In “Shabby but Thriving,” commissioned by the New Museum, Burns premieres a new two-channel video staged within an installation that explores the subjugation and agency of various bodies. The video, titled Living Room (2017–ongoing), is the installation’s central work; it was filmed in the New Museum’s 231 Bowery building that houses the artist residency program. Moving from its basement through the stairwells (partially renovated and often bearing relics of previous eras) and into a series of found and constructed interiors, the video treats the entire building as both a stage and a metaphorical body. The building exists as a hermetic ecosystem and protagonist in the narrative of Living Room, as performers use their bodies to labor and leisure, choreograph and dialogue, bathe and subsist within this vital architectural interior. Furniture and props likewise act as both benign objects and political subjects. The video features a unique soundtrack by Geo Wyeth and a choreographed number by NIC Kay.

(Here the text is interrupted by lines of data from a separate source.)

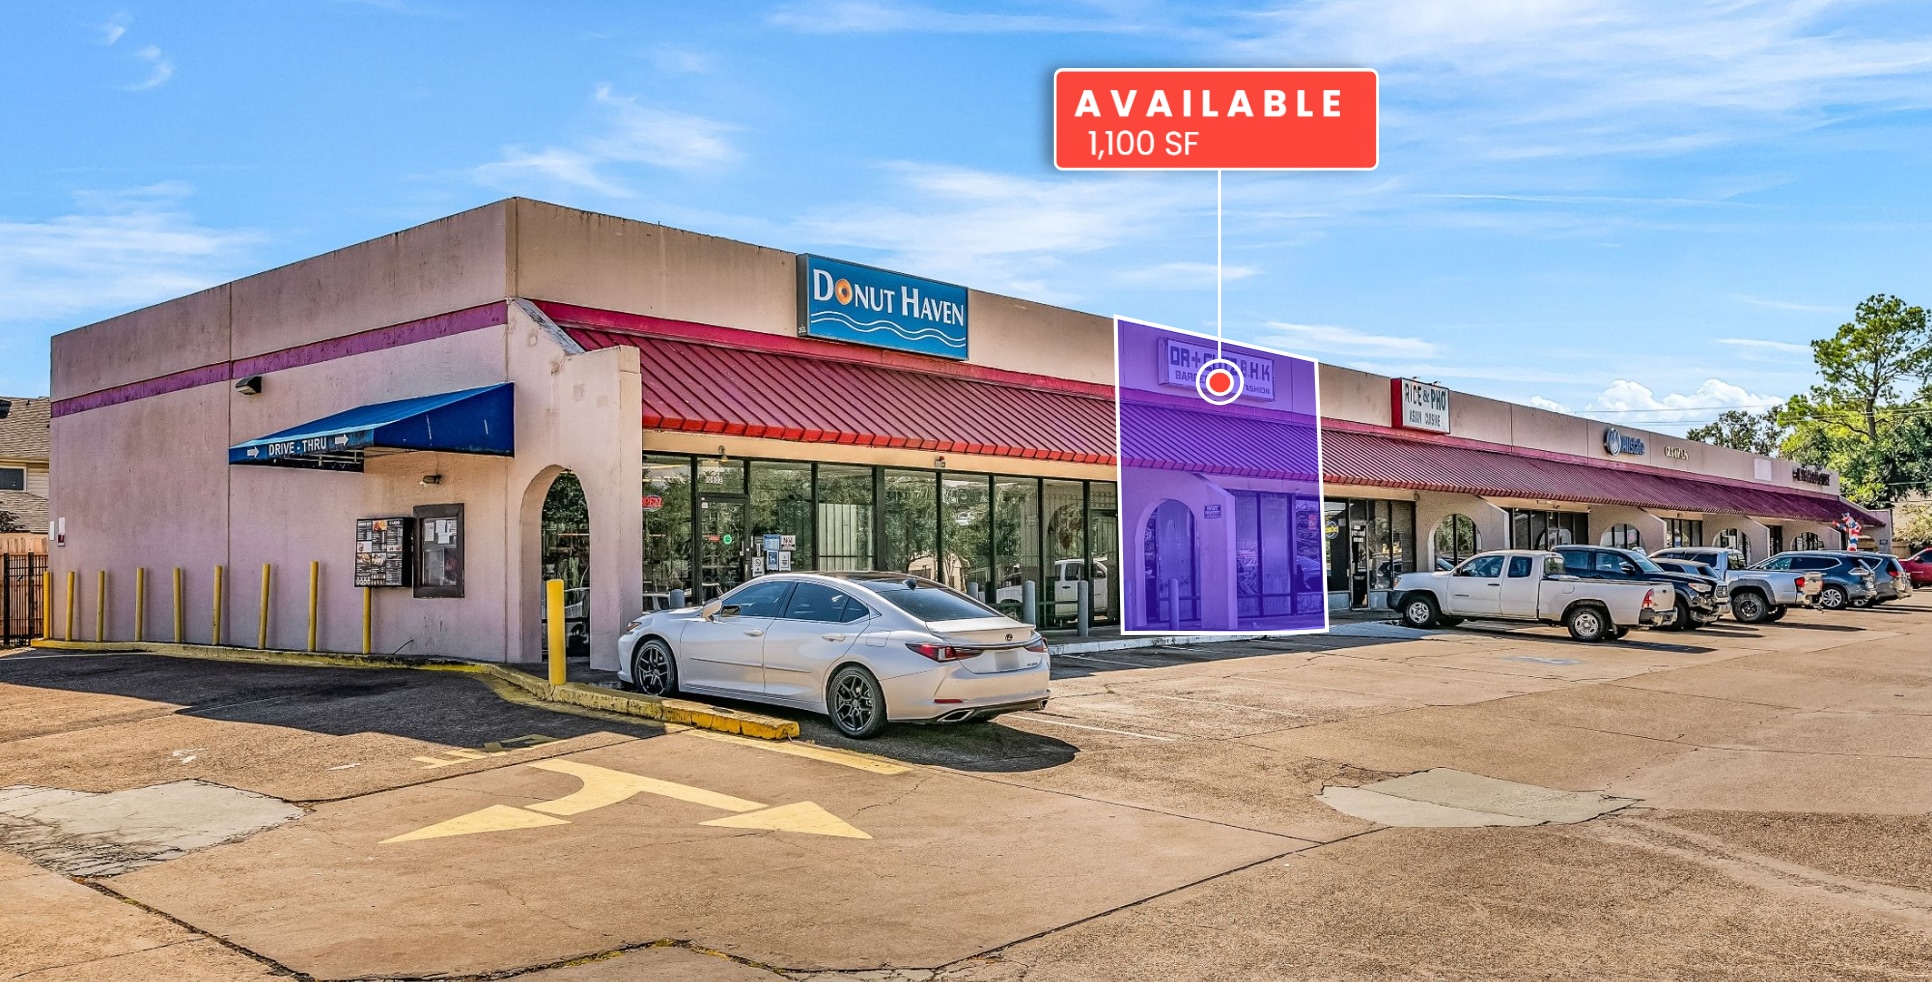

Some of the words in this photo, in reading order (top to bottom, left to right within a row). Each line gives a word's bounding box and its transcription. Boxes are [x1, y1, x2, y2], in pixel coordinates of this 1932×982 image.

[813, 268, 895, 314] DONUT
[901, 285, 964, 327] HAVEN
[1404, 382, 1422, 407] RICE
[1423, 389, 1430, 404] &
[268, 441, 295, 456] DRIVE
[302, 436, 327, 453] THRU
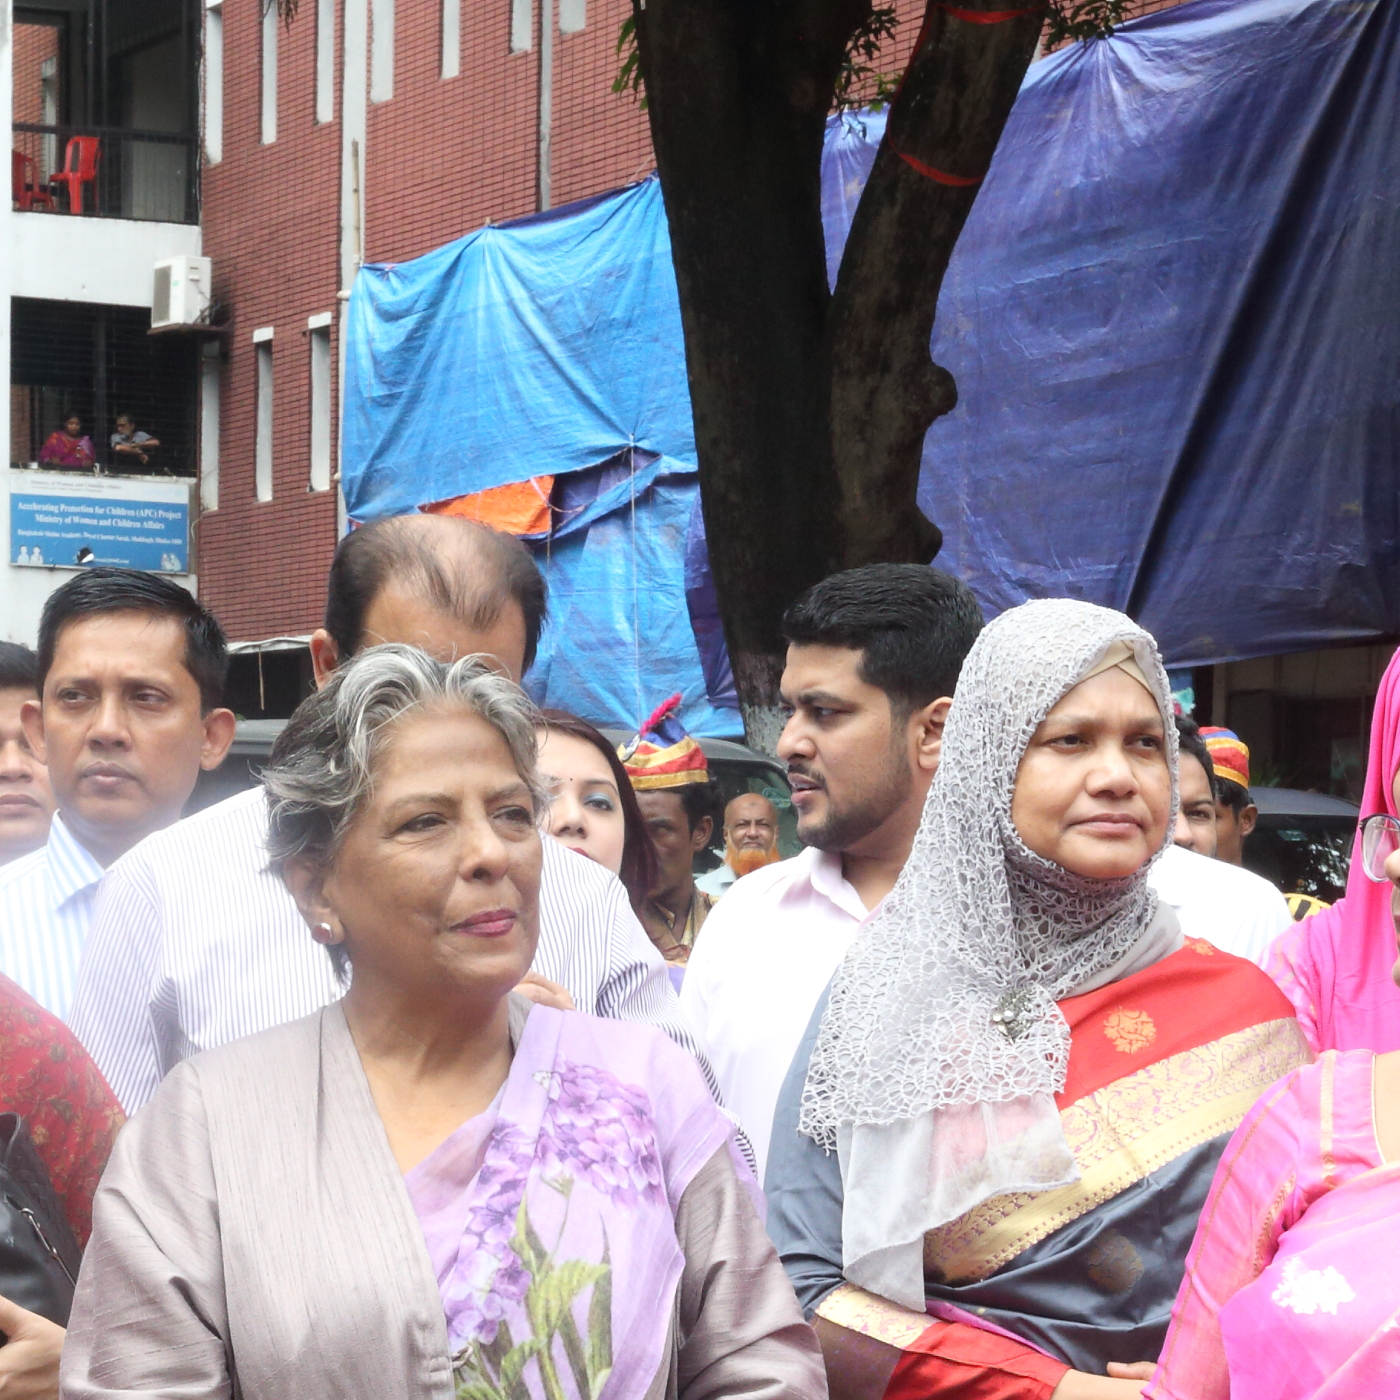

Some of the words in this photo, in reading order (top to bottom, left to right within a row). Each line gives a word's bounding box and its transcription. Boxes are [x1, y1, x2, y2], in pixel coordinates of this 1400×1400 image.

[18, 502, 59, 513] Accelerating
[61, 503, 93, 513] Protection
[95, 506, 104, 514] for
[106, 507, 135, 516] Children
[136, 508, 157, 518] (APC)
[159, 510, 182, 520] Project
[36, 514, 62, 524] Ministry
[73, 516, 97, 525] Women
[99, 518, 111, 526] and
[113, 518, 140, 528] Children
[143, 520, 165, 530] Affairs
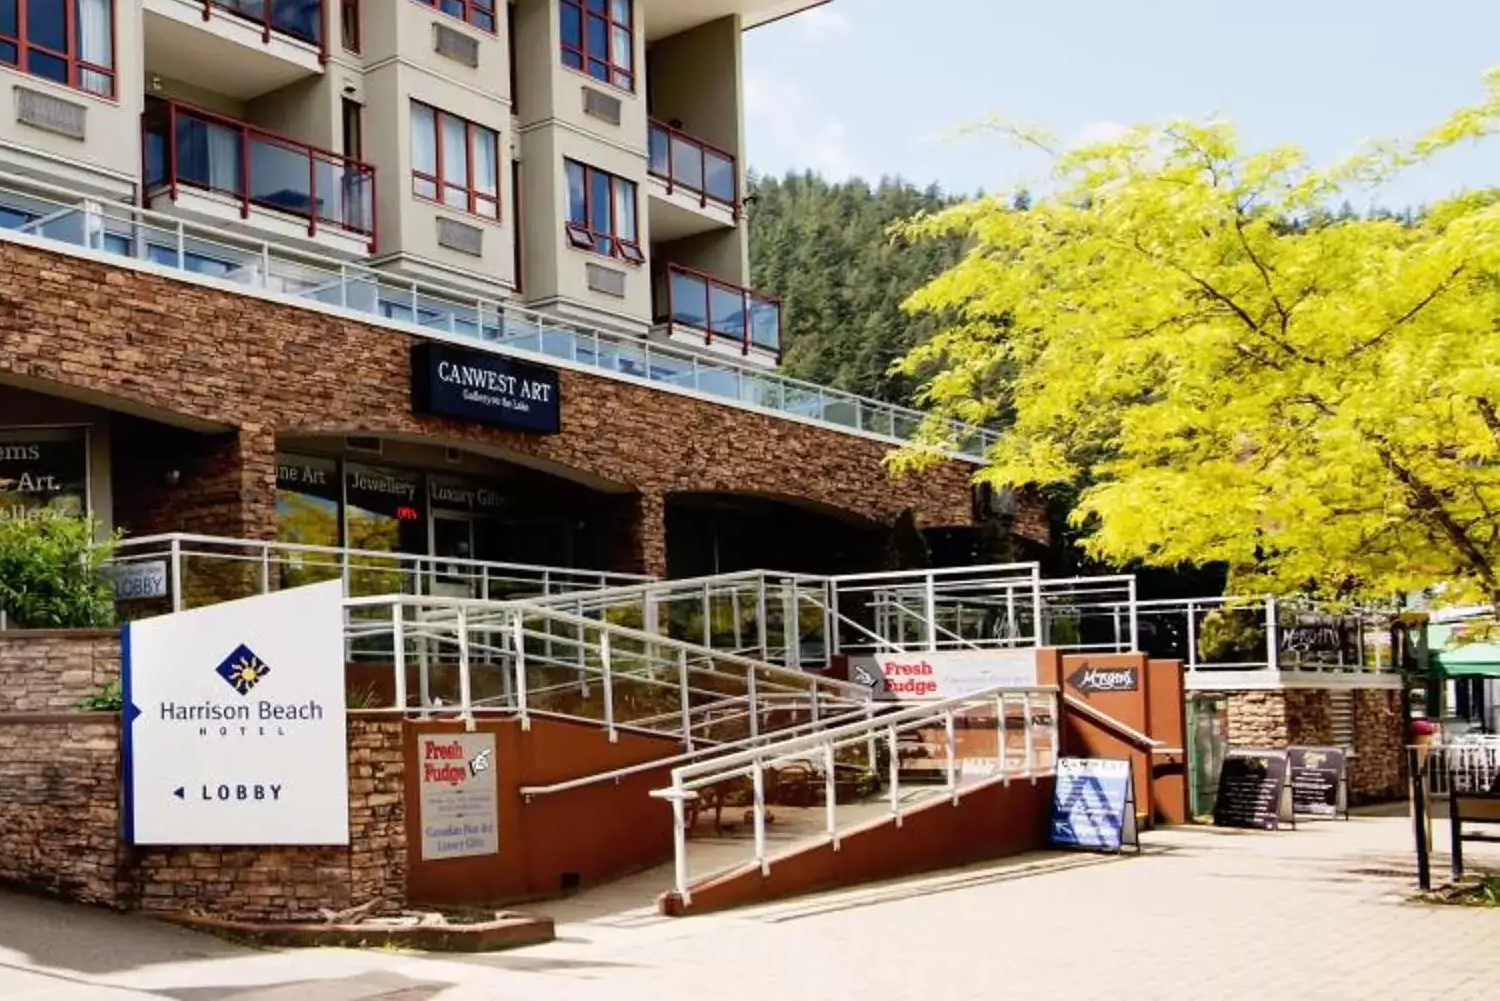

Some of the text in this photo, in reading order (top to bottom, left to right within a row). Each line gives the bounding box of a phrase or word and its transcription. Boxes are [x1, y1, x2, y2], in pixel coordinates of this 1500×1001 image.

[438, 361, 551, 402] CANWEST ART
[302, 465, 326, 485] Art
[352, 471, 417, 502] Jewellery
[116, 576, 163, 598] LOBBY
[884, 660, 933, 676] Fresh
[883, 678, 937, 696] Fudge
[160, 700, 323, 721] Harrison Beach
[199, 726, 284, 736] HOTEL
[424, 740, 464, 760] Fresh
[424, 762, 467, 786] Fudge
[201, 784, 282, 801] LOBBY
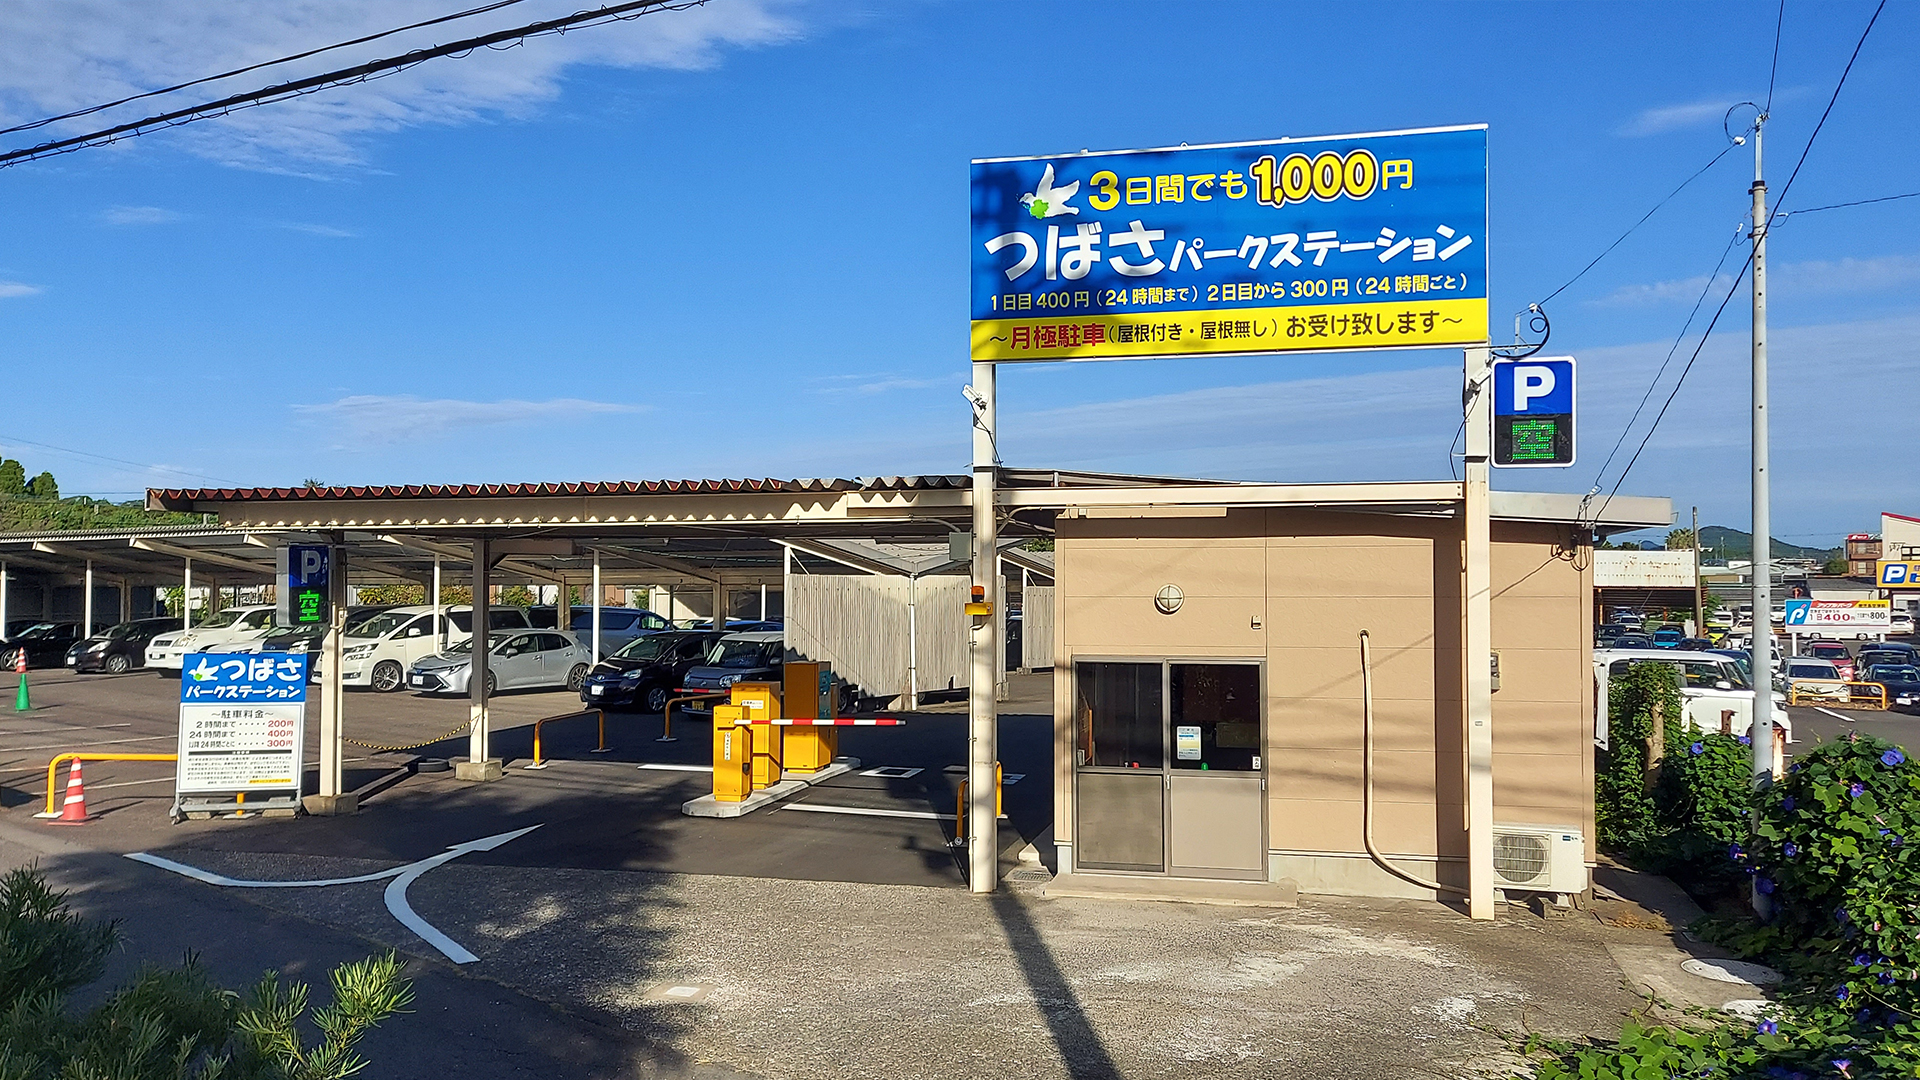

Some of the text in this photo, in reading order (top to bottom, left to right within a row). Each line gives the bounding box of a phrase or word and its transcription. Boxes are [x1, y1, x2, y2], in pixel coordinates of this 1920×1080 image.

The Fifth Floor installation also includes sculptural objects that augment and animate Living Room’s narrative: a stripped and gutted couch outfitted with underglow, cast bags of dirt embedded with foil candies, a carpet soiled during the couch demolition, and fishing lures and lines stretched across walls.

Throughout the run of the exhibition, the Fifth Floor Resource Center—a hybrid exhibition, study, and pedagogical space adjacent to the main gallery—offers a variety of modes for understanding and utilizing energies of the burdened body, taking cues from reading rooms, gyms, listening stations, and spaces of respite. A punching bag, installed in the space for visitors’ use, speaks to the ways in which bodies process shock, psychic and physical trauma, grief, and rage in the face of political extremism. The Resource Center is organized by Burns and Alicia Ritson, Research Fellow.

As part of her exhibition and residency, Burns has organized a series of public programs exploring the body’s relationship to the law and the environment, including “Body Politic: From Rights to Resistance” on February 5, 2017. This daylong multipart event will feature information sessions with lawyers, activists, and grassroots organizers, focusing on bodies under duress and rights under the new political administration. This event is free and open to the public with RSVP.

The exhibition is curated by Johanna Burton, Keith Haring Director and Curator of Education and Public Engagement, and Sara O’Keeffe, Assistant Curator.

A.K. Burns is an interdisciplinary artist and educator residing in Brooklyn and a co-founder of W.A.G.E. (Working Artists and the Greater Economy). Her work has been exhibited widely, including in solo and two-person exhibitions at Callicoon Fine Arts, New York; Johannes Vogt Gallery, New York; Tate Modern, London; REDCAT, Los Angeles; Taxter & Spengemann, New York; Horton Gallery, Berlin; RECESS, New York; and elsewhere. She is currently a 2016–17 Radcliffe Fellow at Harvard University. A Smeary Spot, the opening chapter of the serial work of which “Shabby but Thriving” is the second part, premiered at Participant Inc, New York, in 2015, and traveled to the Portland Institute for Contemporary Art in 2016.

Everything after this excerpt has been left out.